Michele Bachmann: There are two levels of crazy when it comes to people in the public eye - "Charlie Sheen" crazy, where the person in question does something incredibly odd, or has a breakdown caused by drugs; and, "Ron Artest" crazy, where the person in question is legitimately mentally ill.  It took Ron Artest jumping into the stands in Detroit for everyone to understand that he needed help (which he got, thank God), but that leads me to this point: Michelle Bachmann is Ron Artest crazy.  I'm not even joking about this.  There is a delusion in her eyes that is absolutely terrifying.  

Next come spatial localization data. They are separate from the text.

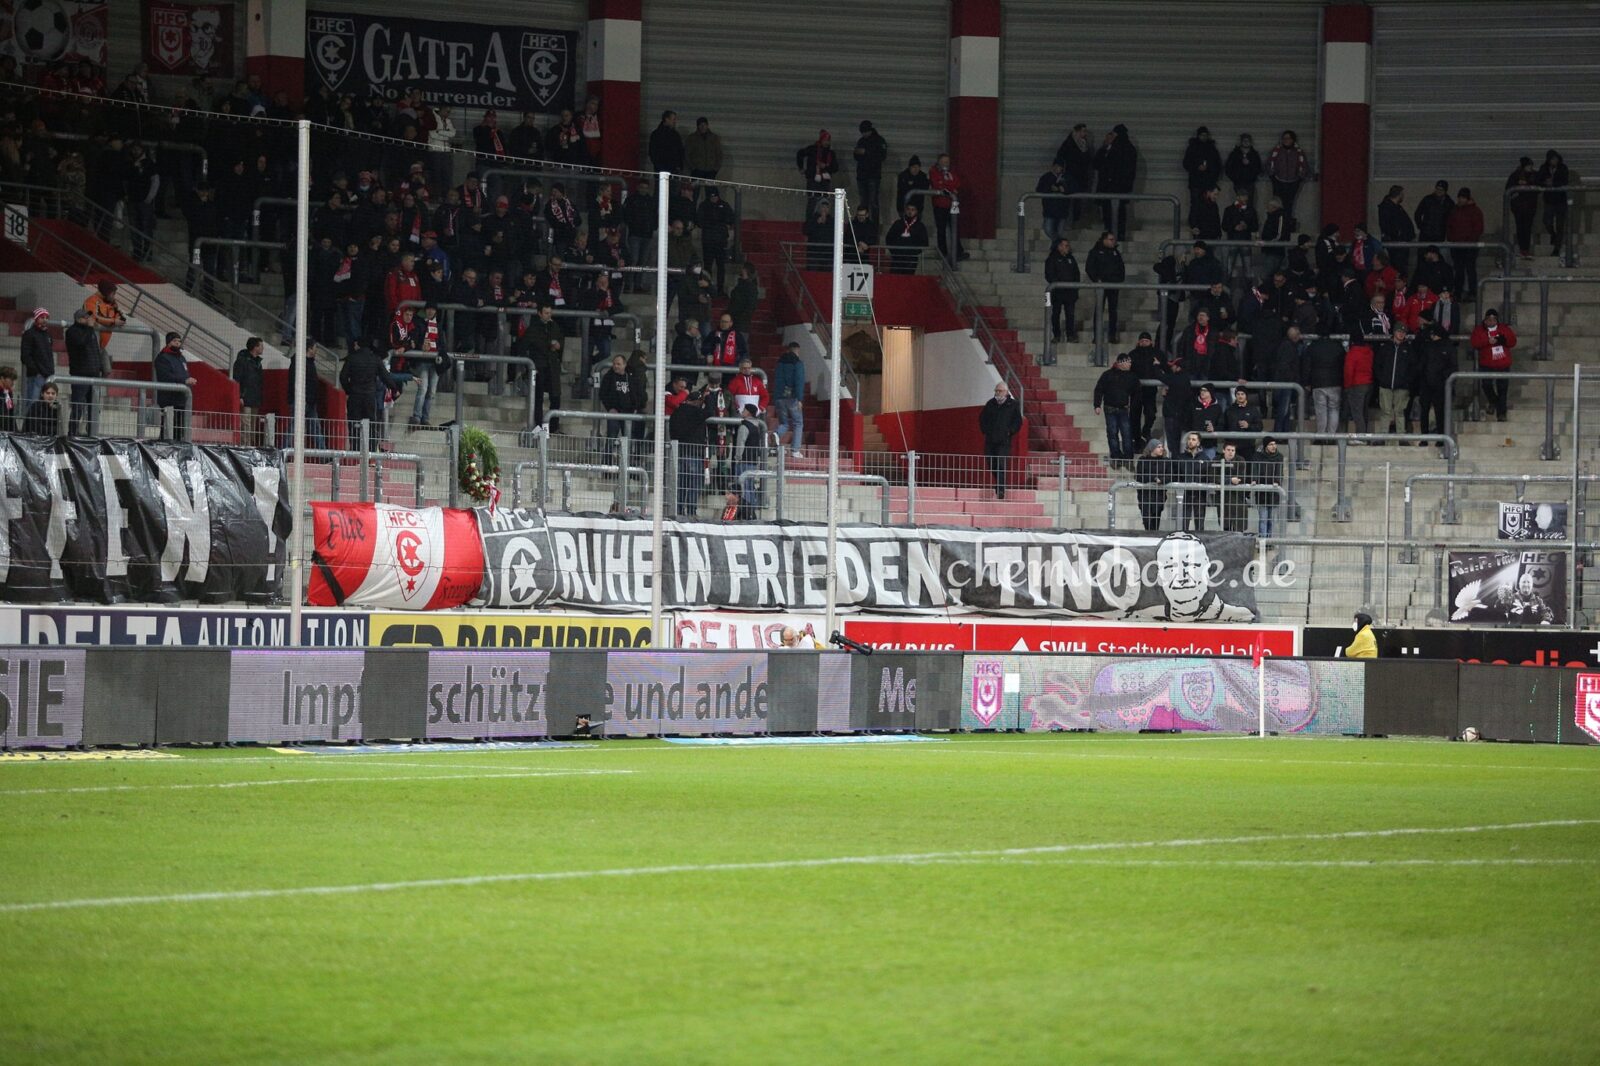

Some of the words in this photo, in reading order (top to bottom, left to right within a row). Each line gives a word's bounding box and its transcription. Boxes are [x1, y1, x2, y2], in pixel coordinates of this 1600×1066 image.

[154, 12, 187, 26] HFC
[315, 19, 346, 33] HFC
[528, 34, 558, 49] HFC
[363, 22, 474, 84] GATE
[478, 31, 517, 93] A
[368, 83, 399, 100] No
[9, 213, 25, 237] 18
[847, 271, 869, 292] 17
[1504, 505, 1521, 513] HFC
[389, 511, 418, 527] HFC
[1523, 553, 1560, 564] HFC
[554, 530, 654, 603] RUHE
[670, 536, 712, 604] IN
[984, 546, 1142, 611] TINO
[198, 617, 365, 646] AUTOMTION
[1039, 641, 1087, 652] SWH
[1221, 644, 1272, 657] Hale
[976, 663, 1000, 675] HFC
[428, 664, 550, 723] schütz
[625, 666, 685, 721] und

And here's the problem with the GOP of today - Bachmann's got a legitimate shot at the nomination because so many Republicans are equally delusional.  A majority of Republican voters believes that Obama is a secret Muslim who was born in Kenya, that global warming is a hoax, and that evolution has never happened.  That's why Glenn Beck makes so much money hocking gold - there's a whole lot of delusion on the GOP side.  Yikes.

Sarah Palin: Unlike Bachmann, Palin has the advantage of not being crazy.  Palin strikes me as an opportunist.  She has come into the fold because there's a vacuum at the top and she's more than willing to fill the leadership gap.  At this point, I don't think she'll win the nomination, but she will deeply influence the primary.

Final Thoughts

I have, no doubt, missed a few names, but by and large, I think I've gotten the big names out there.  Right now, there really is no front runner.  What's interesting to me is that for the first time, the GOP is starting to look a bit more like the Democratic Party, where the base is starting to push the old guard aside.   That's going to make for a rollicking primary.